Gold rose $11.10 to $945.70 per ounce in trading in New York yesterday and silver was up 18 cents to $17.90 per ounce. Gold and silver have traded in a narrow range in Asian and early trading in Europe. Gold reached new record nominal highs at $952.75 and silver has surged over $18 per ounce to new 27 year highs at $18.06.
Gold also surged to new record highs in British pounds and in euro. The London PM Fix at 1500 GMT yesterday afternoon was at $945. Gold fixed at new record highs at £482.76 and €641.20.
Increasing fears of stagflation drove gold to new record highs (non inflation adjusted highs) in major currencies. Both the ECB and the Federal Reserve have lowered their growth estimates and the Fed has also increased its inflation forecast. The Philly Fed Index fell to its lowest level since 2001 and unemployment news was poor with the 4 week moving average of jobless claims rising 10,750 to 360,500. Meanwhile most commodities continued to rise with zinc and copper surging, leading the base metals higher. Equity markets in Asia and Europe are down and fears of a U.S. recession are sure to be to the fore.

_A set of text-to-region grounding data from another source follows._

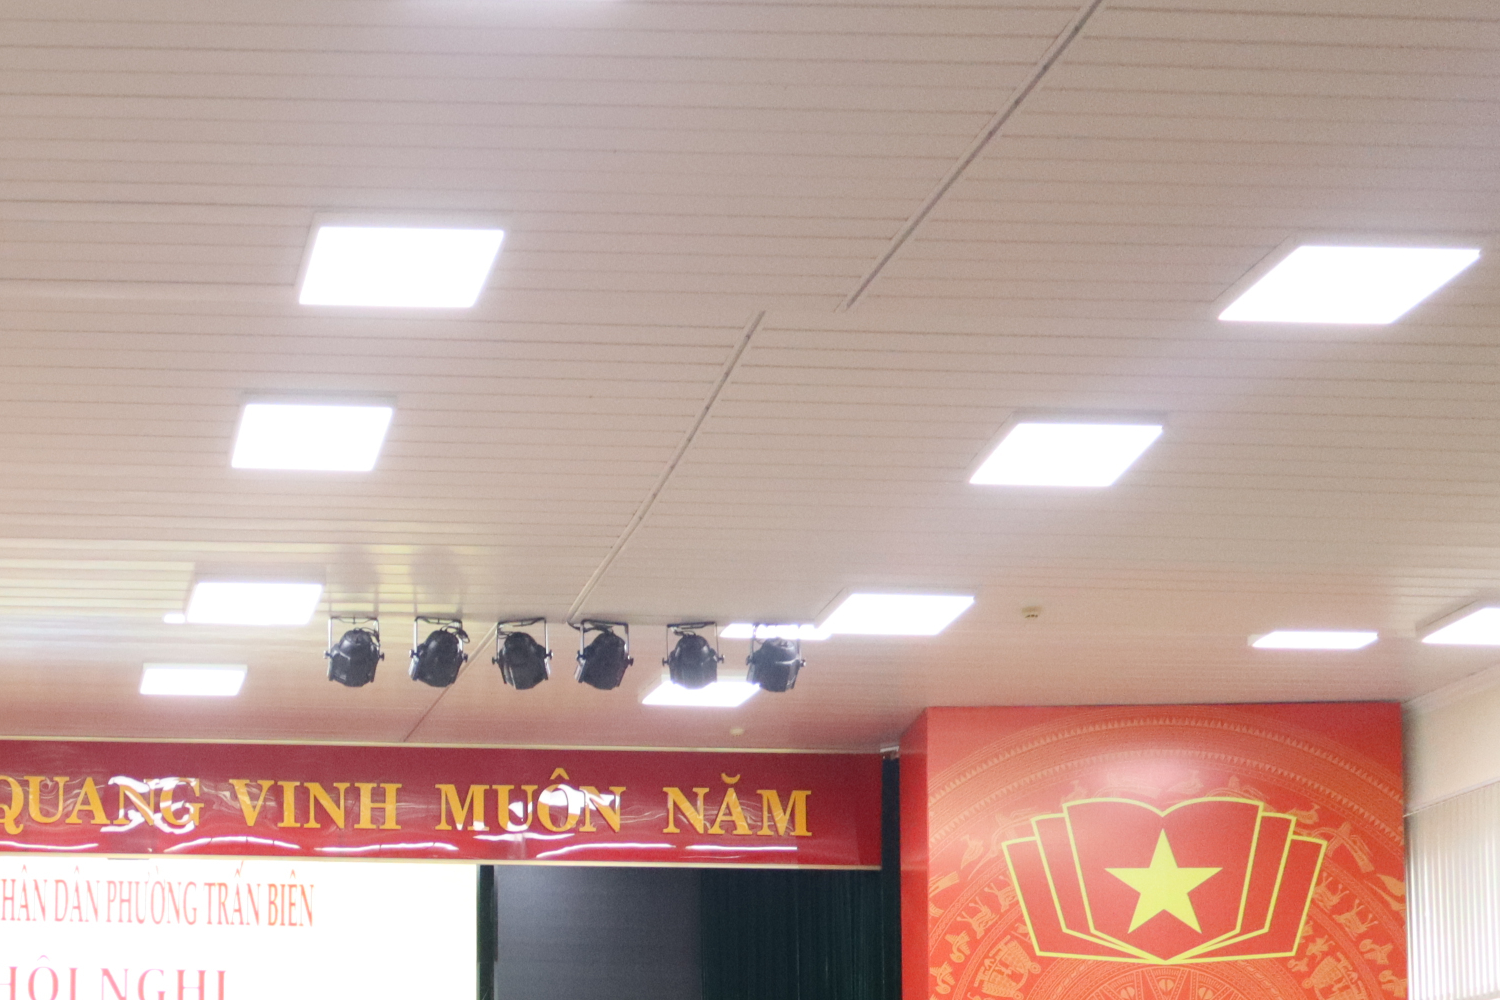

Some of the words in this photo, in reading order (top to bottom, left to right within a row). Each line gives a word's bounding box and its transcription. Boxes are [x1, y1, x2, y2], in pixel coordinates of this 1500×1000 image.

[229, 779, 402, 830] VINH
[435, 767, 627, 834] MUÔN
[663, 772, 812, 837] NĂM
[54, 865, 101, 923] DÂN
[106, 865, 198, 926] PHƯỜNG
[204, 860, 261, 926] TRẤN
[267, 869, 314, 927] BIÊN
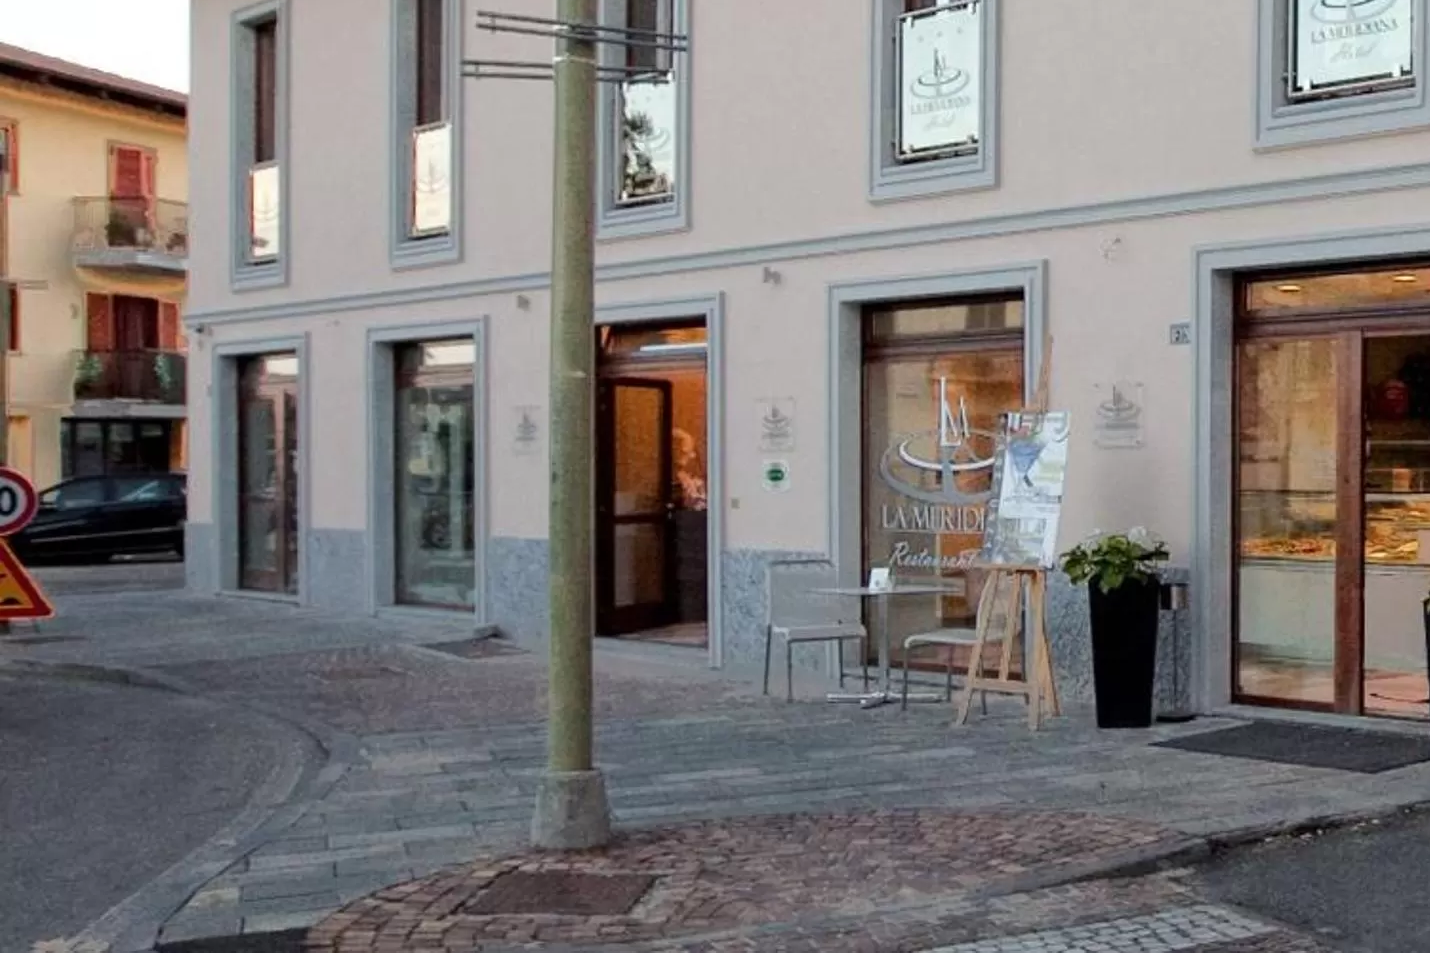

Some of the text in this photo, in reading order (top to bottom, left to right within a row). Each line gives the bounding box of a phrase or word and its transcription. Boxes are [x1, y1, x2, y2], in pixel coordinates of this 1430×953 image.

[0, 485, 16, 516] 0
[882, 504, 985, 532] LA MERIDI

Despite the significant and growing inflation, markets have moved to fully price in a 0.50% rate cut at the next FOMC meeting in March. Central bankers are throwing in the towel in the fight against inflation in order to try and prevent a systemic crisis and a subsequent deep recession. The risk is that they let the inflation genie fully out of the bottle. Thereby wreaking havoc in the form of an inflationary spiral as was experienced in the 1970s (or worse in 1920s Germany which led to order-of-magnitude increases in prices and interest rates, redenomination of the currency and a wholesale consumer flight from cash to hard assets).

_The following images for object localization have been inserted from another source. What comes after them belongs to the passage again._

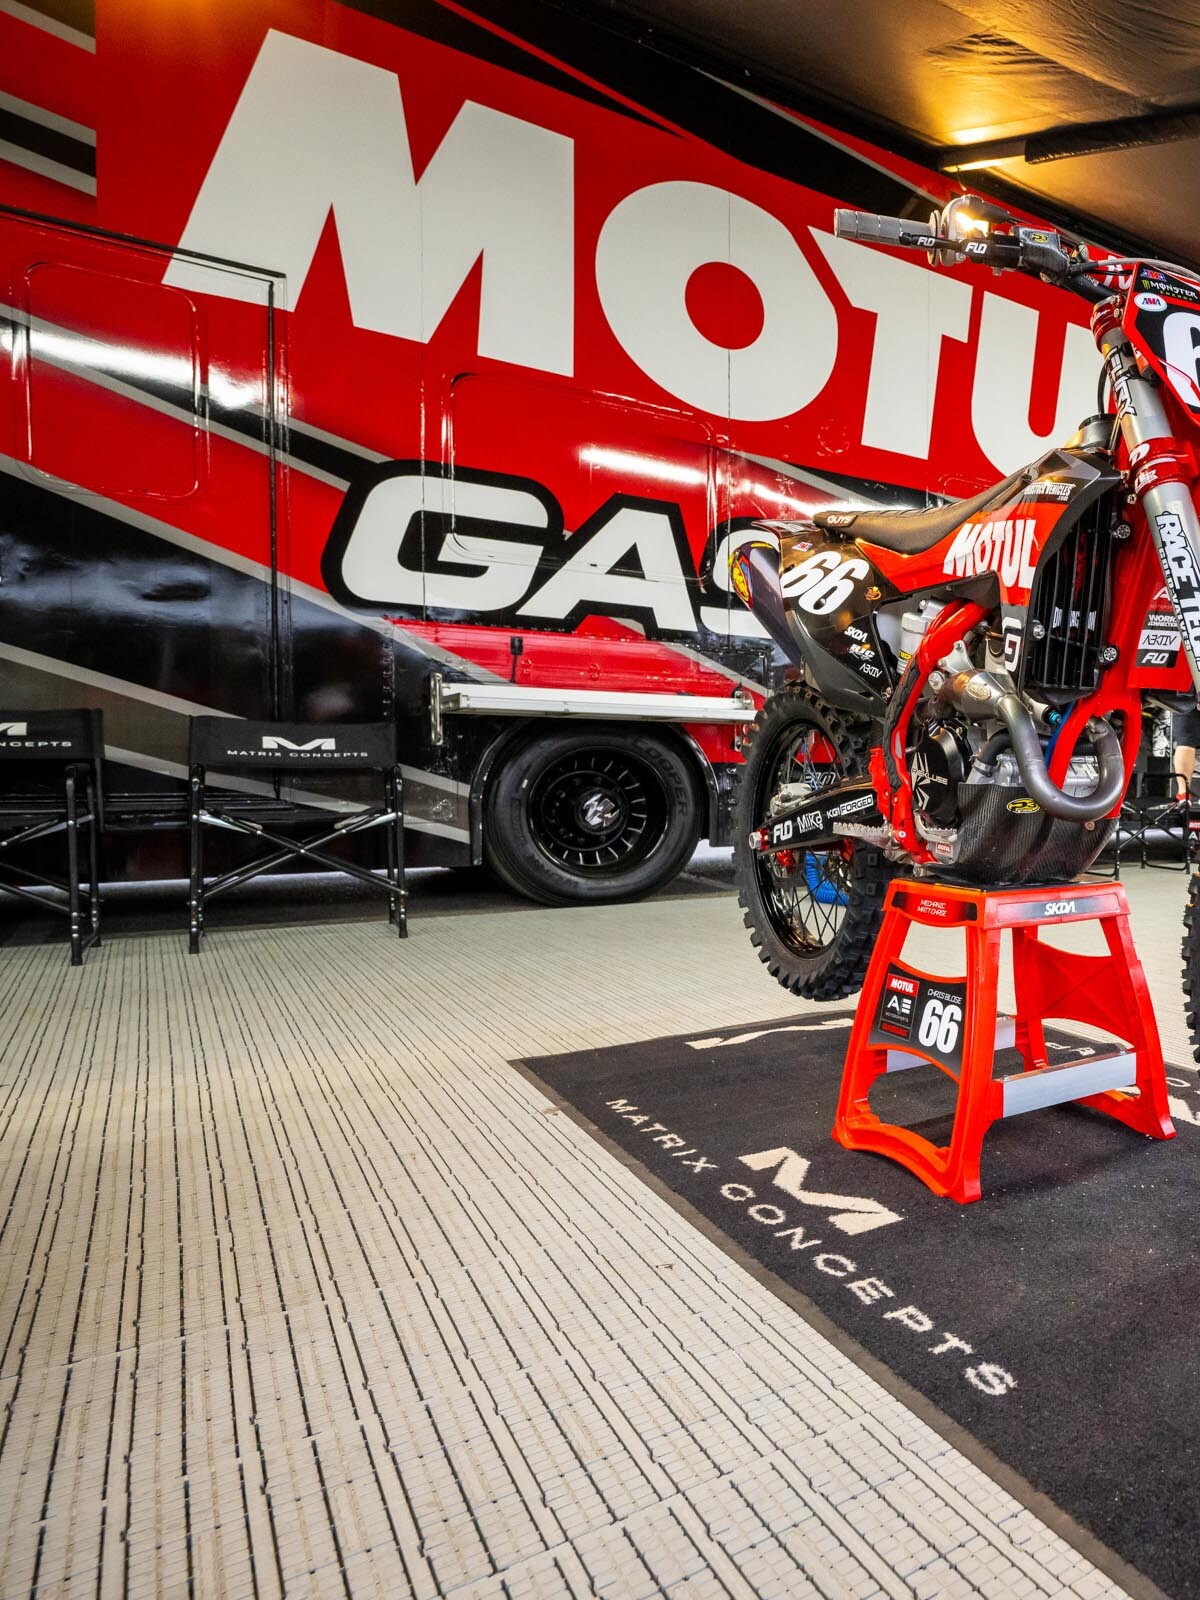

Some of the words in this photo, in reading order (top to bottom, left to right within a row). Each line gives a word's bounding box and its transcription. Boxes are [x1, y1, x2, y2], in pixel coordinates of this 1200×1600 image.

[917, 236, 936, 247] FLO
[965, 242, 988, 254] FLO
[162, 28, 1110, 480] MOTU
[1150, 280, 1198, 299] MONSTER
[1142, 297, 1162, 306] AMA
[942, 520, 1038, 590] MOTUL
[1155, 512, 1199, 590] RACE
[780, 551, 870, 615] 66
[1141, 652, 1170, 664] FLO
[0, 741, 72, 749] NCEPTS
[227, 750, 282, 758] MATRIX
[912, 767, 949, 786] REKLUSE
[840, 796, 874, 816] FORGED
[773, 820, 793, 844] FLO
[1044, 901, 1076, 916] SKDA
[890, 978, 914, 993] MOTUL
[918, 999, 962, 1054] 66
[605, 1098, 719, 1174] MATRIX
[719, 1182, 1018, 1396] CONCEPTS

A Volker style period of tighter money and short term austerity would be more prudent in order to safeguard the health of the increasingly debased U.S. dollar and in order to help put the U.S. economy back on a more sustainable long term economic trajectory involving less consumption and speculation and more saving, production and exports. Savings are necessary in order to fund capital investment, production and long term economic growth. Unfortunately the U.S., unlike China and its other large creditors, has forgotten this in recent years and bought into the new paradigm fantasy that the service economy and profligate levels of debt and consumption could create a healthy sustainable economy.
Support and Resistance
Strong support in gold is now seen at $890 to $900. Short term support is at $940 and $915. After a short healthy consolidation in the $850 to $935 range, gold has broken out on a daily closing basis. A weekly close above $935 today will be very constructive. A close on a weekly or even daily basis above $935 should see us challenge $1,000 per ounce in a very short period of time.
Silver is trading at $17.91/96 at 1200GMT. Silver remains extremely undervalued and $25 looks likely in 2008. Silver’s nominal high of $50 per ounce is likely to be reached in the next 3 to 7 years.

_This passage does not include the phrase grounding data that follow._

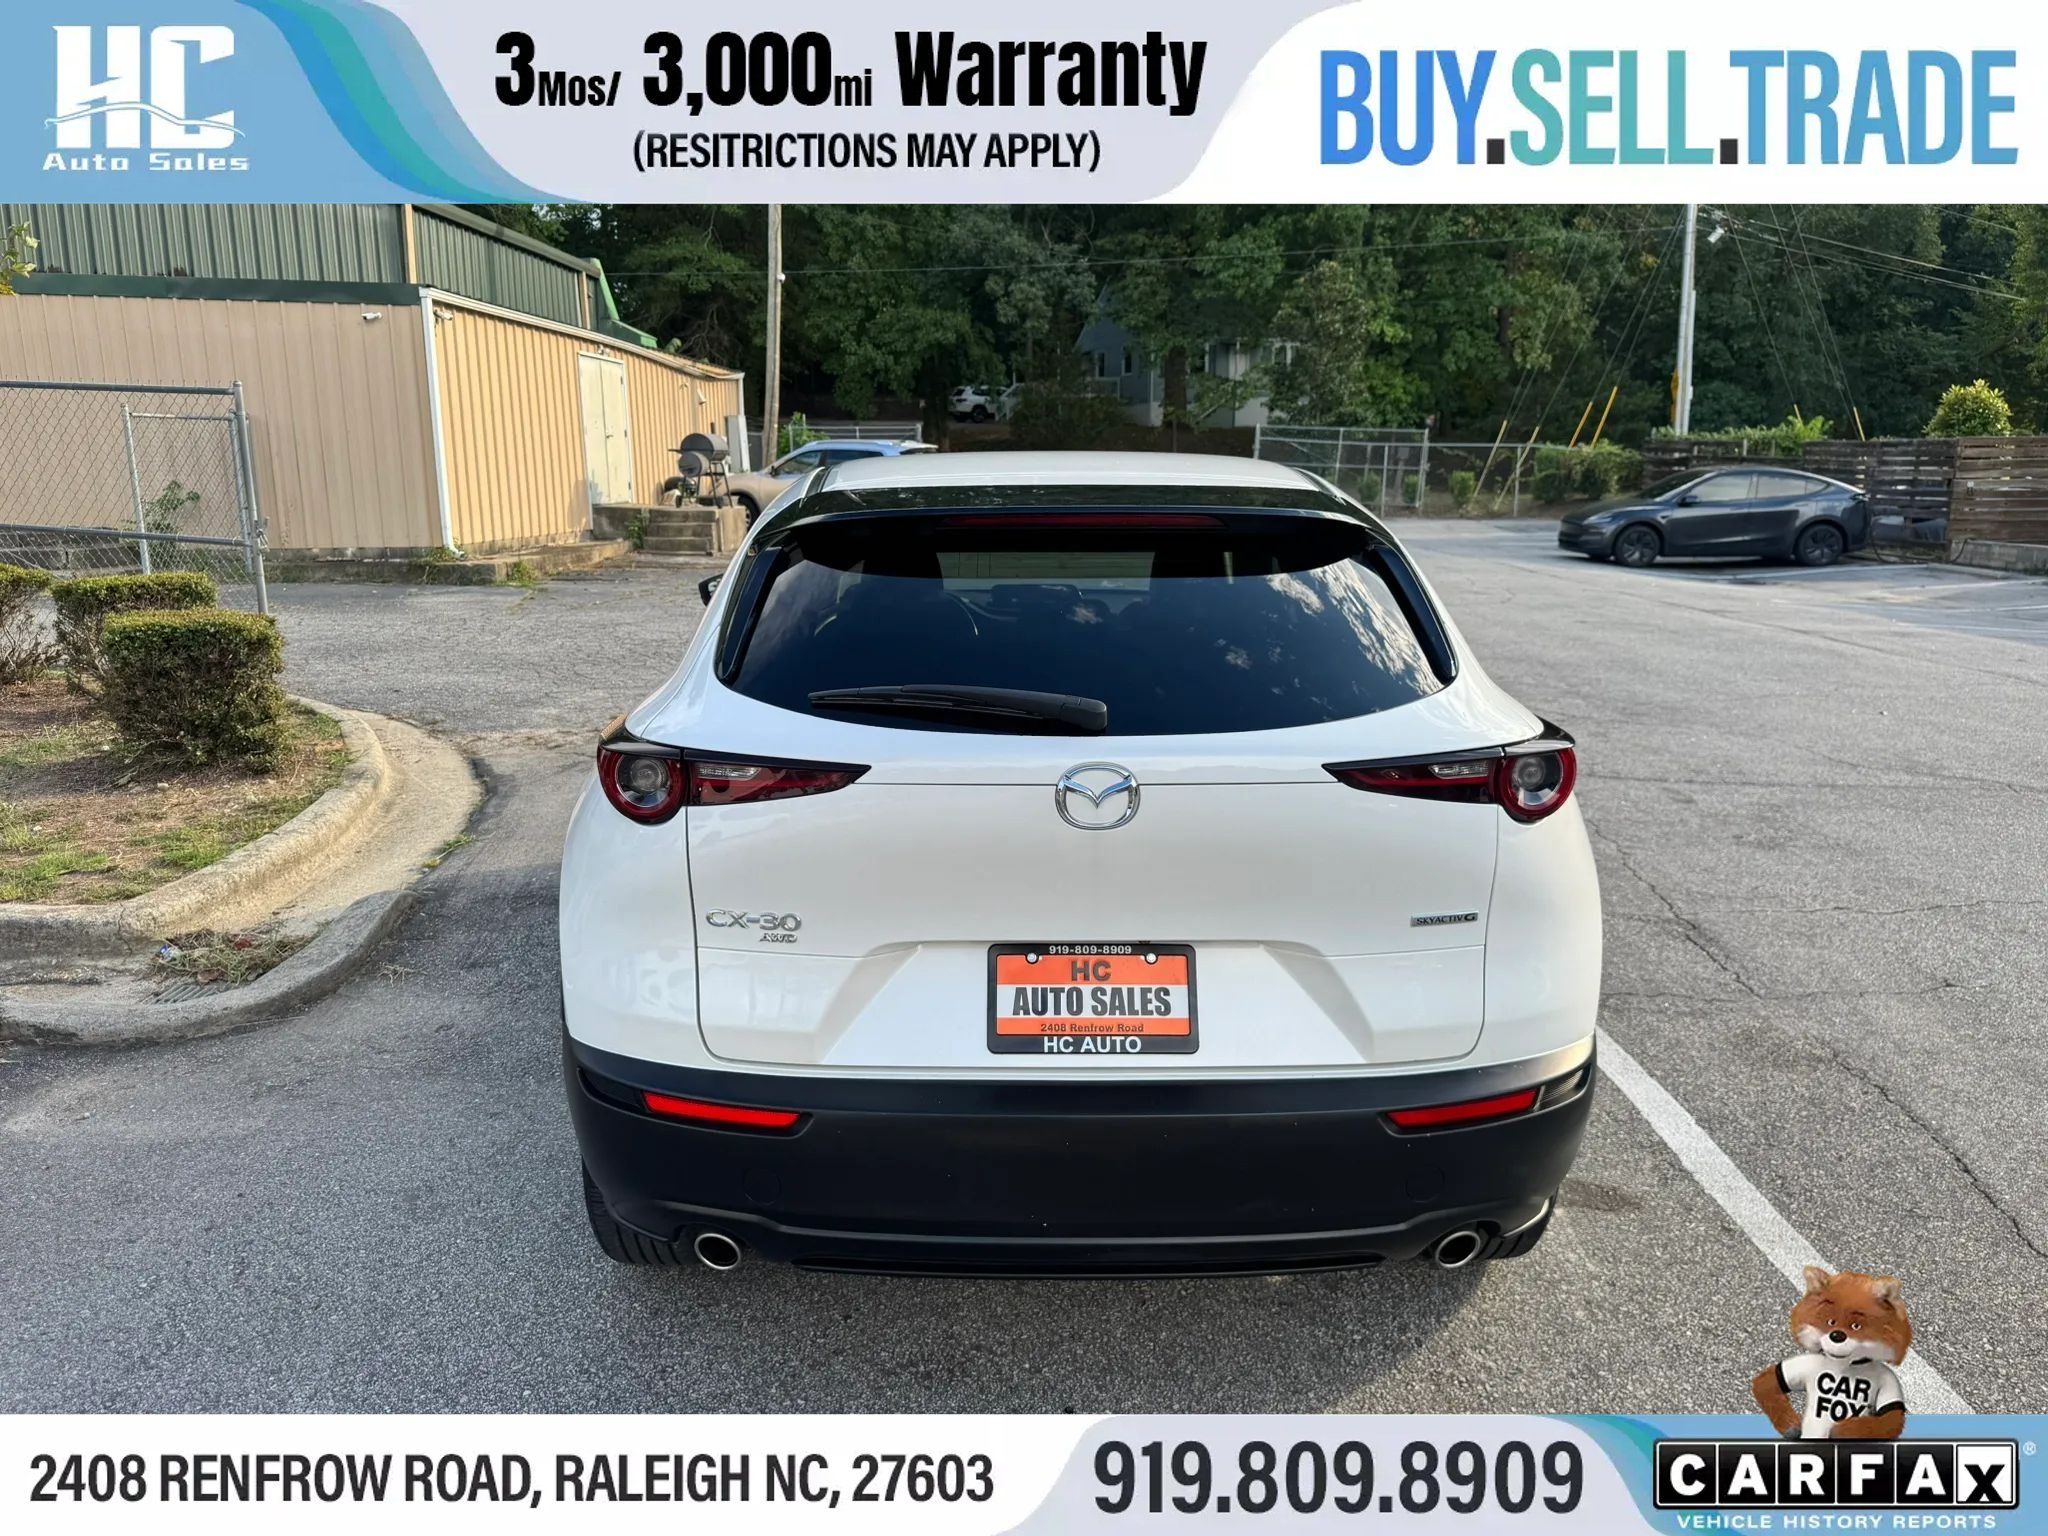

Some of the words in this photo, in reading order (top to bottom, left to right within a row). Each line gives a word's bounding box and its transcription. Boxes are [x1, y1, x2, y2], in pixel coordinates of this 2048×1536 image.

[706, 909, 802, 932] CX-30
[759, 933, 798, 943] AWD
[1049, 945, 1132, 955] 919-809-8909
[1071, 960, 1112, 981] HC
[1012, 987, 1083, 1016] AUTO
[1091, 987, 1172, 1016] SALES
[1040, 1023, 1067, 1033] 2408
[1070, 1023, 1114, 1033] Renfrow
[1117, 1023, 1144, 1033] Road
[1043, 1036, 1074, 1053] HC
[1080, 1036, 1142, 1053] AUTO

Platinum is trading at $2135/2145 (1200GMT).
Palladium surged to over $497/502 per ounce (1200GMT).
The big ‘M’ or momentum is clearly in favour of precious metals. While these markets may be overbought in the short term, markets can remain overbought for long periods and it would be prudent to make the trend your friend.
Newton’s First Law of Motion is important to consider in this regard. “In the absence of a net force, a body at rest remains at rest, and a body in motion remains in motion indefinitely along the same straight line.” While no asset moves in any direction indefinitely they tend to move in either direction in the medium to long term. This was witnessed in stock and property markets in recent years and will be witnessed in the precious metal markets in the coming years.